A vampire riding a witch’s broom? If anyone had asked me, a new vampire, if it were possible, I’d have laughed.

That was before I knew the truth, for I did not travel alone. My companion’s reputation proceeded her.

In my quest to do shadow work, Baba Yaga was my guide. She was the stuff of nightmares. The old forest witch led the way, riding in her black mortar, steering with her pestle, while I sat on her broom. The wind carried her evil-sounding cackle. Even her name sent fear scampering down my spine as if it were a rickety l

On this night, the veil was thin, allowing us to transverse time and space.

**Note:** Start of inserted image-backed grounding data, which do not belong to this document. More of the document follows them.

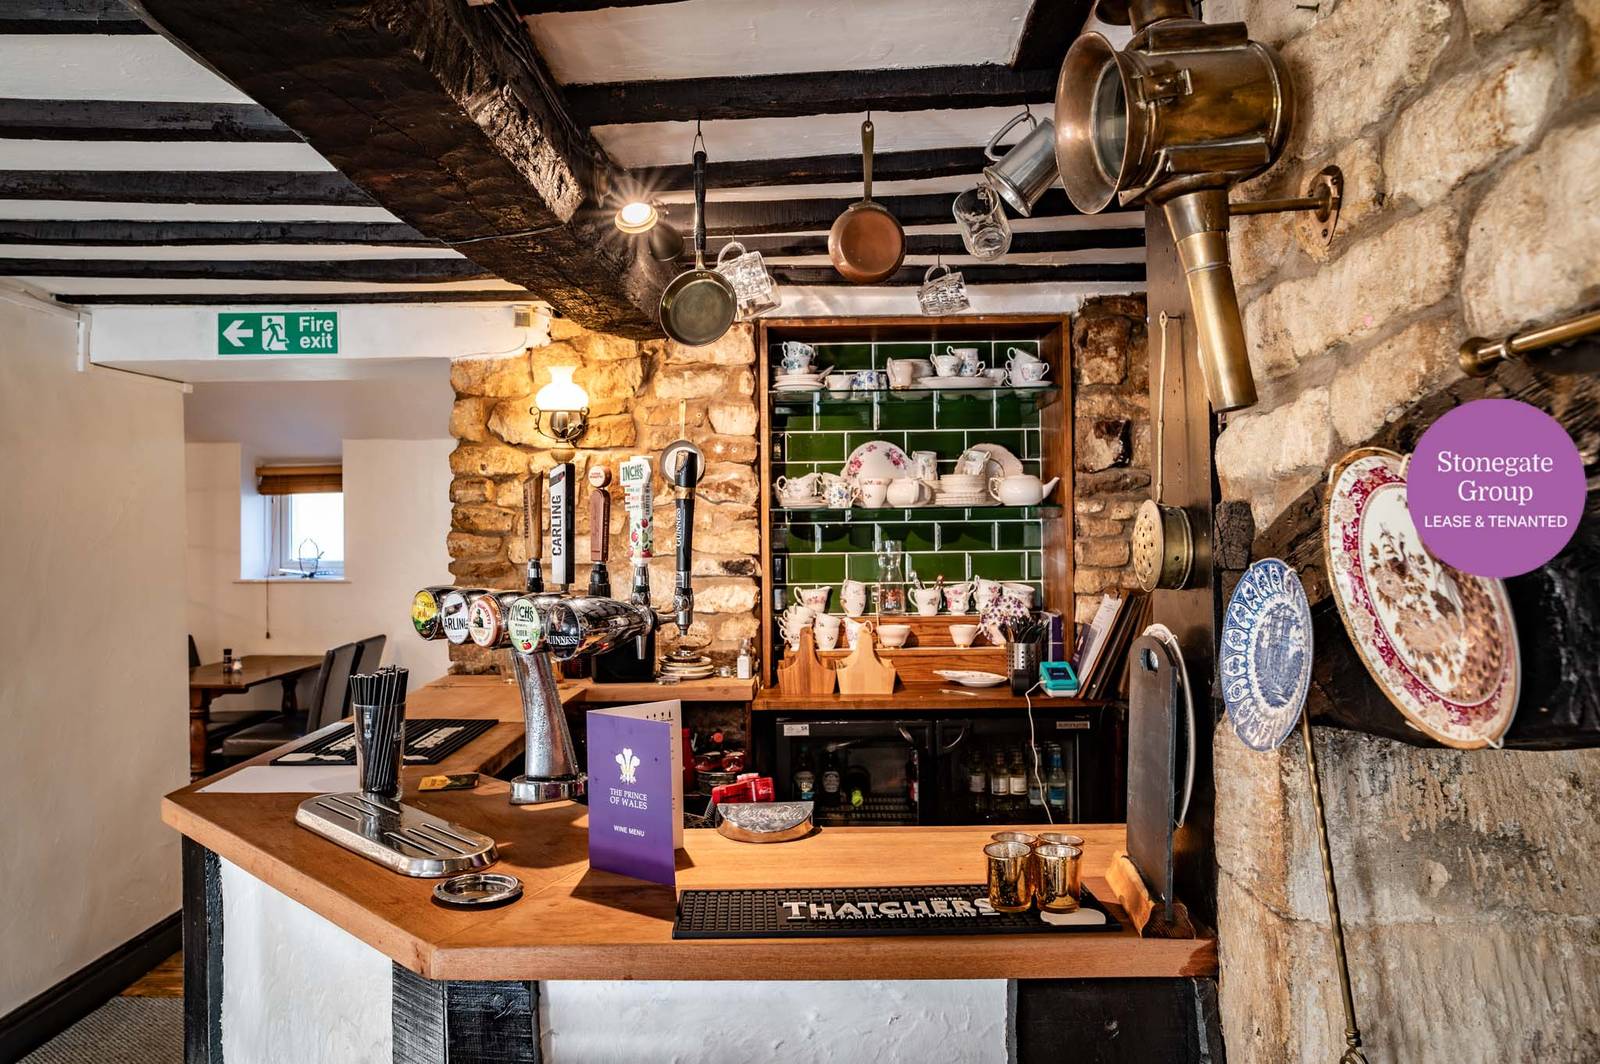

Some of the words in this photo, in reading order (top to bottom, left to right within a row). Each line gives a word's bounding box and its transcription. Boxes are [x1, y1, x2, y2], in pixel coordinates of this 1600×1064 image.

[299, 316, 334, 332] Fire
[299, 333, 333, 349] exit
[551, 495, 562, 556] CARLING
[610, 787, 622, 796] THE
[624, 790, 648, 801] PRINCE
[610, 796, 620, 805] OF
[622, 797, 648, 810] WALES
[613, 824, 628, 834] WINE
[629, 827, 645, 837] MENU
[783, 898, 997, 919] THATCHERS
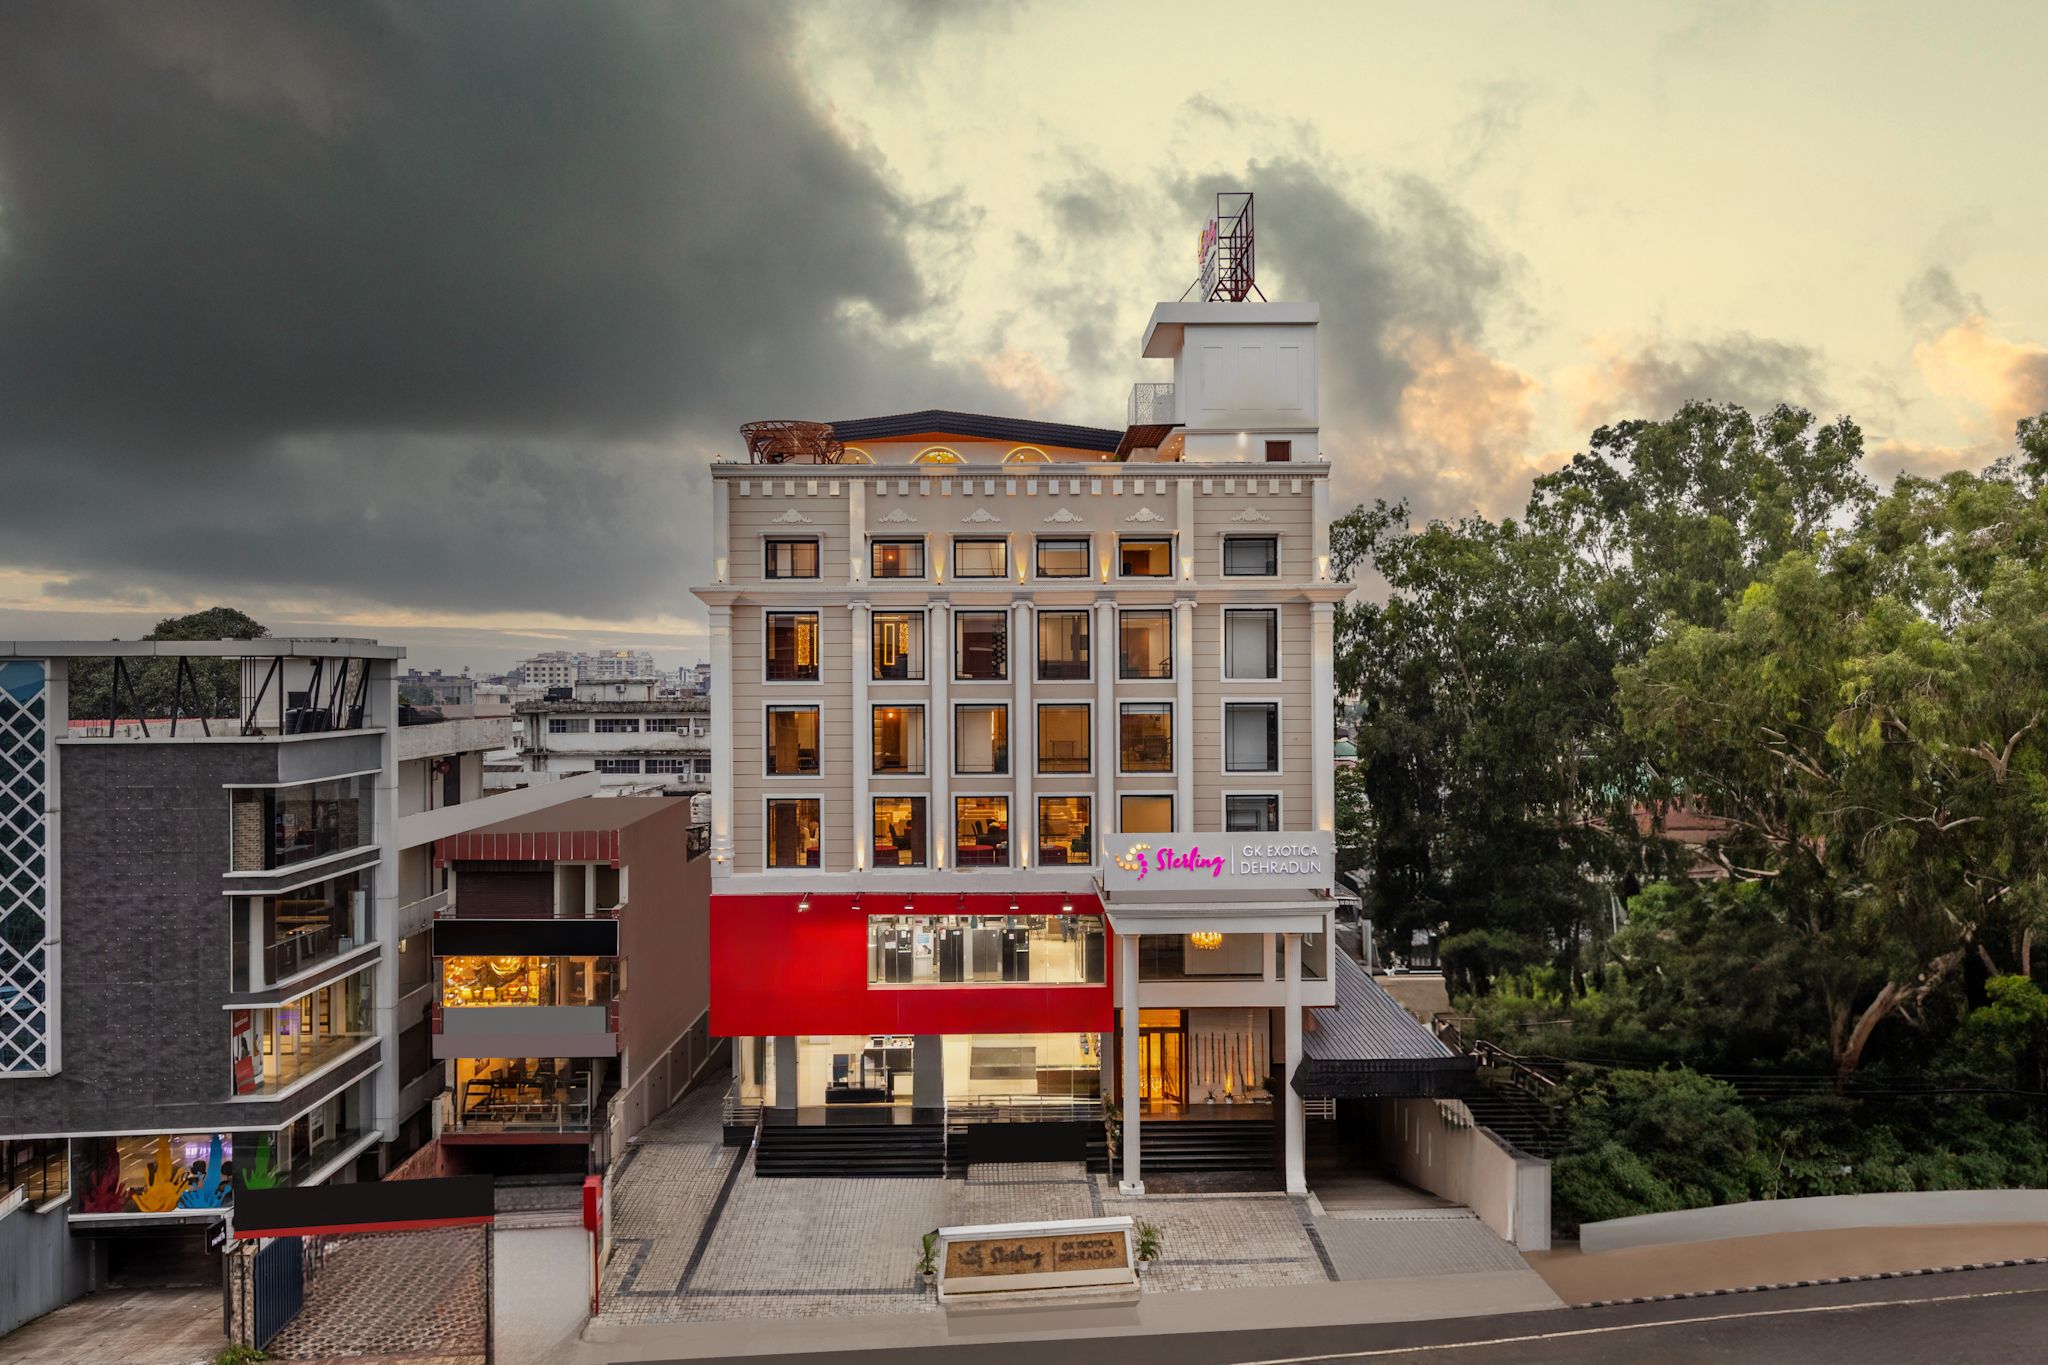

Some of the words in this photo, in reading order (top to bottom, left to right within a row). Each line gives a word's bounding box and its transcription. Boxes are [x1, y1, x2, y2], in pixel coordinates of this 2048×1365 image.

After a time of wrestling with my thoughts, we landed on a busy suburban street decorated in all of its Halloween delight.

Baba Yaga turned to me. Now I saw her, no shadows hiding her face from me. Emaciated, with deep wrinkles etched into her face, razor-sharp iron teeth in her mouth, she called my name. “Leslie, this way.” With her bony, long fingers, she motioned for me to follow her.

We walked a bit in silence, as the sound of her knife barely visible in her tattered skirt scraped against the sidewalk.

“What’s happening here?” I asked Baba Yaga. I wasn’t sure I truly wanted to know. This reminded me of the picturesque scene from the beginning of a horror movie, where the moon shone brightly,  all was perfect, but a killer waited for an opportunity to create mayhem.

And all of the people were unaware of the danger right behind them.

My heart whacked against my ribs, my mouth went dry, and glancing around, I tried to find that bit out of place.

“Nice witch costume,” a little girl said, dressed in yellow and black stripes, squeezing between us.

Baba Yaga sneered and squinted her eyes. “A better way to eat you, child.”

The little bumblebee dressed girl yelped and raced off. A good thing too.

With porch lights lit up, scary pretend monsters decorated the yards, doorbells loudly rang as the children sang out “Trick or Treat.” The neighborhood children, carrying pillowcases or trick or treat pails, all seemed to come together to head toward the Halloween Haunted House.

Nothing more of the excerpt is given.